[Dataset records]
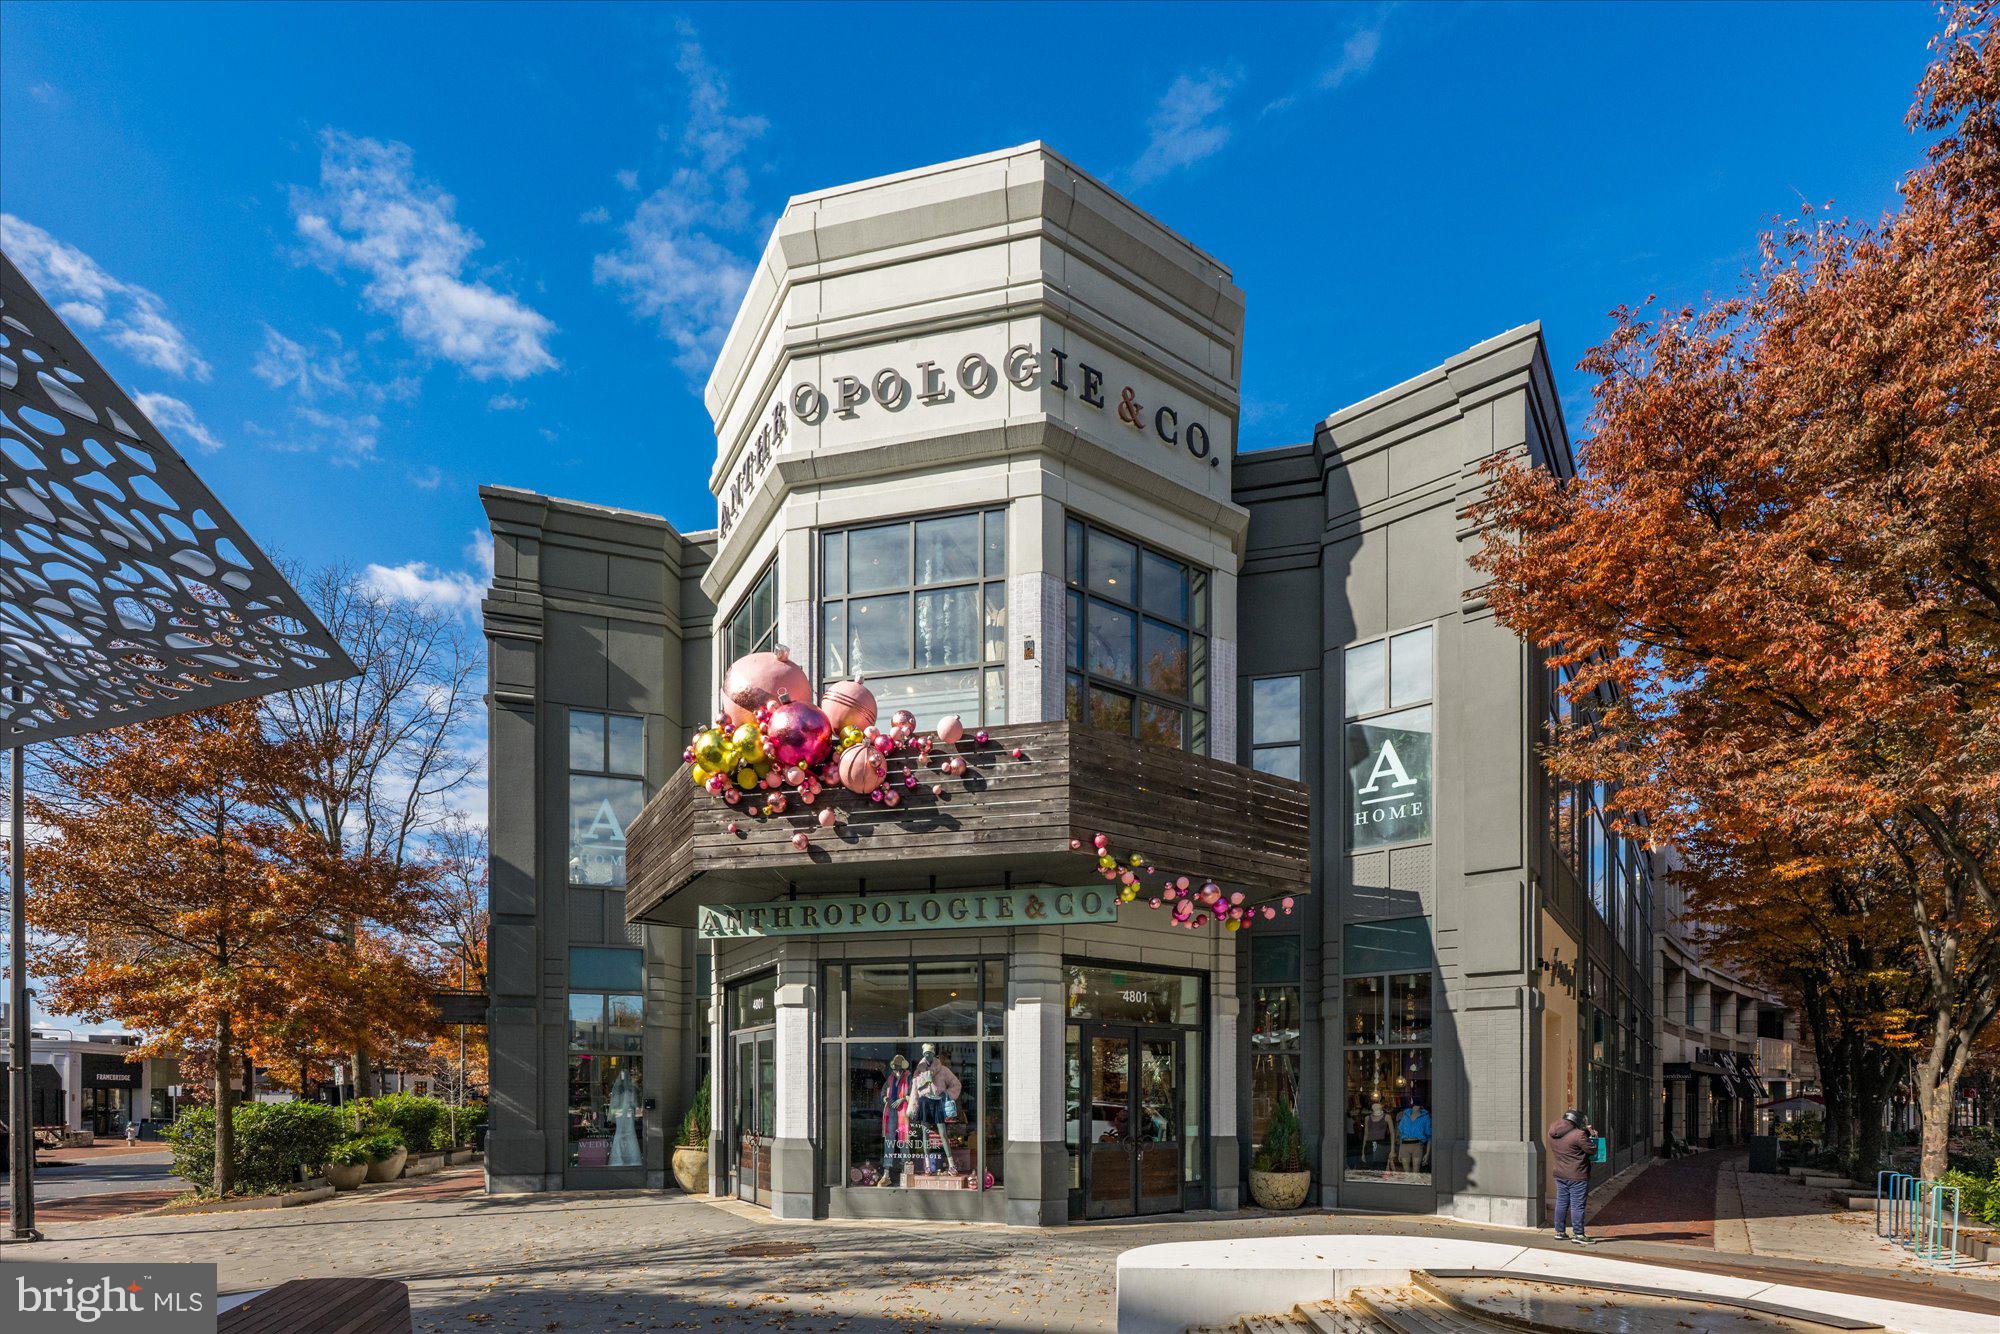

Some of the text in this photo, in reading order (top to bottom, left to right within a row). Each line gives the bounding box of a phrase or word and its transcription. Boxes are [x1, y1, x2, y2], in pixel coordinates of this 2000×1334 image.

[720, 343, 1220, 538] ANTHROPOLOGIE & CO.
[1358, 739, 1418, 794] A
[1354, 801, 1423, 826] HOME
[579, 853, 625, 866] HOM
[700, 890, 1114, 933] ANTHROPOLOGIE & CO.
[1122, 990, 1148, 1003] 4801
[96, 1073, 131, 1081] FRAMEBRIDGE
[885, 1140, 941, 1150] WONDER

▶ **Task to carry out**: Reprint every record exactly and skip the pictures.

▶ **Written answer**:
Some of the text in this photo, in reading order (top to bottom, left to right within a row). Each line gives the bounding box of a phrase or word and its transcription. Boxes are [x1, y1, x2, y2], in pixel coordinates of this 2000×1334 image.

[720, 343, 1220, 538] ANTHROPOLOGIE & CO.
[1358, 739, 1418, 794] A
[1354, 801, 1423, 826] HOME
[579, 853, 625, 866] HOM
[700, 890, 1114, 933] ANTHROPOLOGIE & CO.
[1122, 990, 1148, 1003] 4801
[96, 1073, 131, 1081] FRAMEBRIDGE
[885, 1140, 941, 1150] WONDER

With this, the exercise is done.